La réalité est qu’aucune des deux mesures (mesures antisubventions et résilience de la chaîne d’approvisionnement) ne sera probablement suffisante pour atteindre leur objectif ultime d’améliorer les conditions de concurrence équitables dans le marché unique.

La raison en est que l’origine de ces distorsions ne se situe pas vraiment dans l’UE mais en Chine, et est liée au manque d’accès au marché des entreprises étrangères et, surtout, aux inégalités des conditions de concurrence entre les entreprises privées étrangères, mais aussi chinoises. le marché chinois.

En fait, la domination des entreprises publiques (ou, plus vaguement, liées au gouvernement) sur ce marché leur donne un net avantage lorsqu’elles se développent à l’étranger, y compris sur le marché unique de l’UE, car elles peuvent utiliser les rentes qu’elles ont extraites en Chine. subventionner des opérations ailleurs et accroître leur part de marché.

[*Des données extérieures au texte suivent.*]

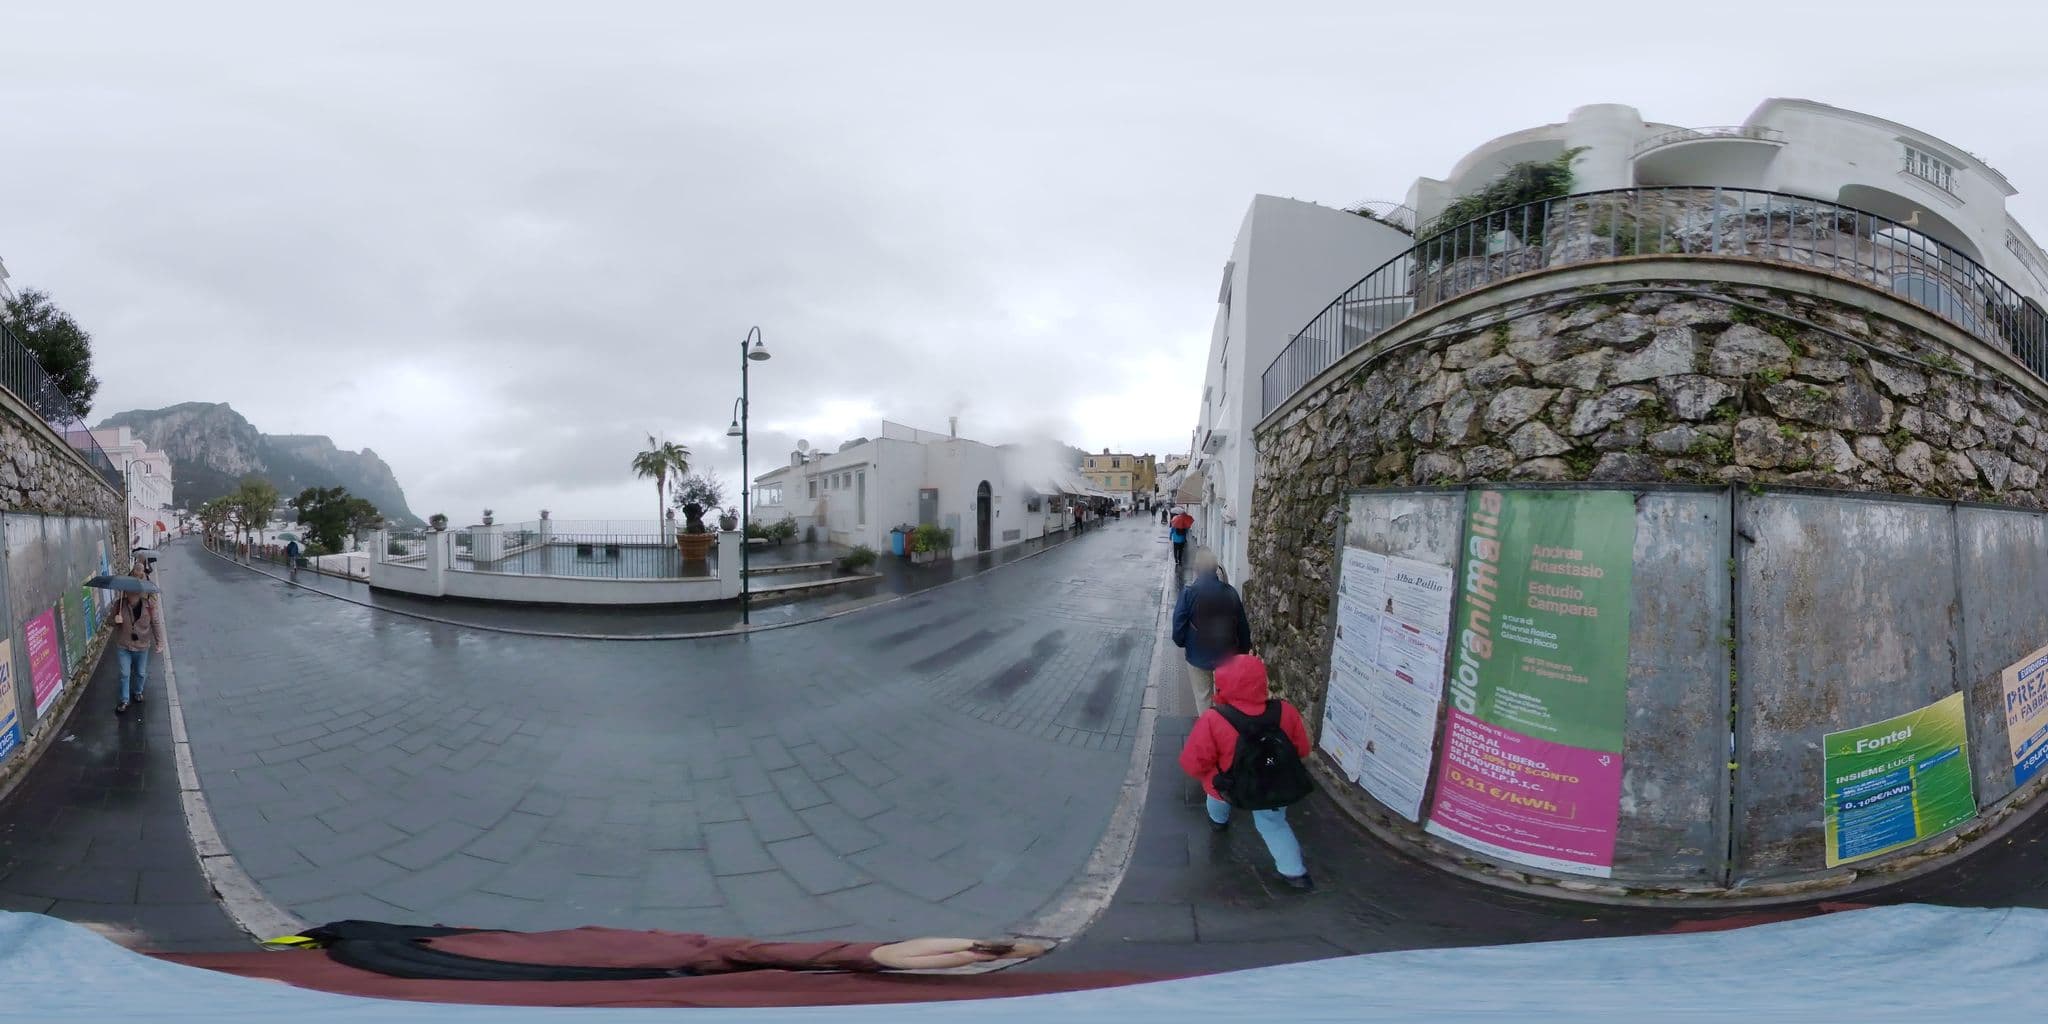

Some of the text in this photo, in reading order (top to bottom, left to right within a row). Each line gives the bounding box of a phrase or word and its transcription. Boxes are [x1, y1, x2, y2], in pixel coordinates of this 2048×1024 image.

Cela signifie que l’intention de l’UE de rechercher des subventions étrangères explicites pourrait ne pas suffire à résoudre le problème.

Deuxièmement, les subventions implicites peuvent être très difficiles à mesurer, car elles peuvent provenir d’une baisse des paiements d’intérêts par unité de dette et / ou d’une charge fiscale plus faible par rapport aux concurrents sur un marché énorme comme la Chine. Ces loyers supplémentaires peuvent aider les entreprises soutenues par le gouvernement chinois à financer des acquisitions ou à participer à des marchés publics en Europe, mais aussi à surpasser les acteurs locaux grâce à des investissements greenfield.

Si l’on peut affirmer que les consommateurs européens bénéficient de biens et de services moins chers, cela n’est vrai que pour les secteurs en concurrence parfaite et encore moins pour ceux qui présentent de grandes externalités de réseau et / ou des économies d’échelle et de gamme.

Dans l’ensemble, le fait d’avoir un accès préférentiel au marché unique européen grâce à des financements et / ou des subventions moins chers, etc. peut avoir des effets de verrouillage et nuire à la concurrence. À moins qu’une réciprocité totale ne soit établie et que les entreprises européennes puissent rivaliser à égalité sur le marché chinois, le manque de concurrence en Chine peut désavantager les entreprises européennes sur leur propre marché.

En résumé, les deux problèmes que la Commission européenne tente de résoudre, à savoir les distorsions potentielles des subventions étrangères mais aussi le renforcement de la résilience de la chaîne de valeur mondiale, sont liés, mais leur solution réside en Chine et pas tant en Europe.

En pouvant accéder au marché chinois sur un pied d’égalité, les entreprises européennes pourraient être libres de décider où et comment remanier leurs chaînes d’approvisionnement sans craindre d’être coupées de ce qui sera bientôt le plus grand marché du monde.

Il est dans l’intérêt de tous que la Chine uniformise les règles du jeu entre les entreprises publiques, privées et étrangères afin qu’aucune nouvelle mesure de distorsion ne doive être prise ailleurs. Les annonces récentes de la Commission européenne sont clairement une seconde meilleure.